La cifra de víctimas fatales por el doble terremoto que golpeó a Venezuela continúa en aumento. A un día de los sismos de magnitud 7,2 y 7,5 en la escala de Richter, las autoridades confirmaron al menos 235 personas fallecidas, mientras los rescatistas mantienen una intensa búsqueda de sobrevivientes entre los edificios colapsados.
Además de los muertos, se contabilizan 1.520 heridos, en tanto que la cantidad de desaparecidos sigue siendo motivo de controversia. El Gobierno venezolano informó que hay 157 personas cuyo paradero aún se desconoce, aunque un registro ciudadano eleva esa cifra a más de 38.000 casos.

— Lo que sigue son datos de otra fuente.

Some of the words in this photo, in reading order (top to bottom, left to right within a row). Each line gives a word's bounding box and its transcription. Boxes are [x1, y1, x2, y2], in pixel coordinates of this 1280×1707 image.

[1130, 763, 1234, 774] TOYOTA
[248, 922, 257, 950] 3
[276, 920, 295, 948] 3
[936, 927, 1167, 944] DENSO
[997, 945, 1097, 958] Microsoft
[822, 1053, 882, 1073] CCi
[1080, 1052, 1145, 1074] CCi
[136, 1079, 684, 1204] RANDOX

Tras los dos terremotos principales se registraron 138 réplicas, lo que dificultó las tareas de rescate y obligó a evacuar nuevas zonas por riesgo de derrumbes.
Uno de los escenarios más dramáticos se vive en Altamira, Caracas, donde un edificio de 22 pisos colapsó por completo y decenas de equipos de emergencia trabajan entre los escombros en busca de víctimas.

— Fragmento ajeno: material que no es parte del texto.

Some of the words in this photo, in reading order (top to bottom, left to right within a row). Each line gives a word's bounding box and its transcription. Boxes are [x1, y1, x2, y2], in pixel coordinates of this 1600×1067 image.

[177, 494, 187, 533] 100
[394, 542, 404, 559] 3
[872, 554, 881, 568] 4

La situación también es crítica en el estado de La Guaira, declarado oficialmente como “zona de desastre”. Allí, la presidenta Delcy Rodríguez supervisó los operativos de búsqueda y asistencia a los damnificados en las localidades más afectadas.
Mientras continúan las tareas de rescate, comenzó a llegar la ayuda internacional. Estados Unidos anunció el envío de equipos especializados en búsqueda y rescate, además de asistencia humanitaria para las víctimas.

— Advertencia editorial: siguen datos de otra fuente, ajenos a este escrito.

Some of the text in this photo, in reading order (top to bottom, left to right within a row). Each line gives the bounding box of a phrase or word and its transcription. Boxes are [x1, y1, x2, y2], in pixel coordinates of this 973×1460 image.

Por su parte, el Gobierno argentino expresó su solidaridad con el pueblo venezolano y manifestó sus condolencias a las familias afectadas por la tragedia.
La dirigente opositora María Corina Machado también se pronunció tras el desastre y llamó a la población a mantener la unidad y la fortaleza frente a la emergencia.
En el plano económico, el Fondo Monetario Internacional (FMI) aprobó una asignación extraordinaria de 200 millones de dólares para colaborar con la respuesta inmediata y las primeras tareas de reconstrucción del país.
Las autoridades advirtieron que el número de víctimas podría seguir aumentando a medida que avanzan los trabajos de remoción de escombros en las zonas más afectadas.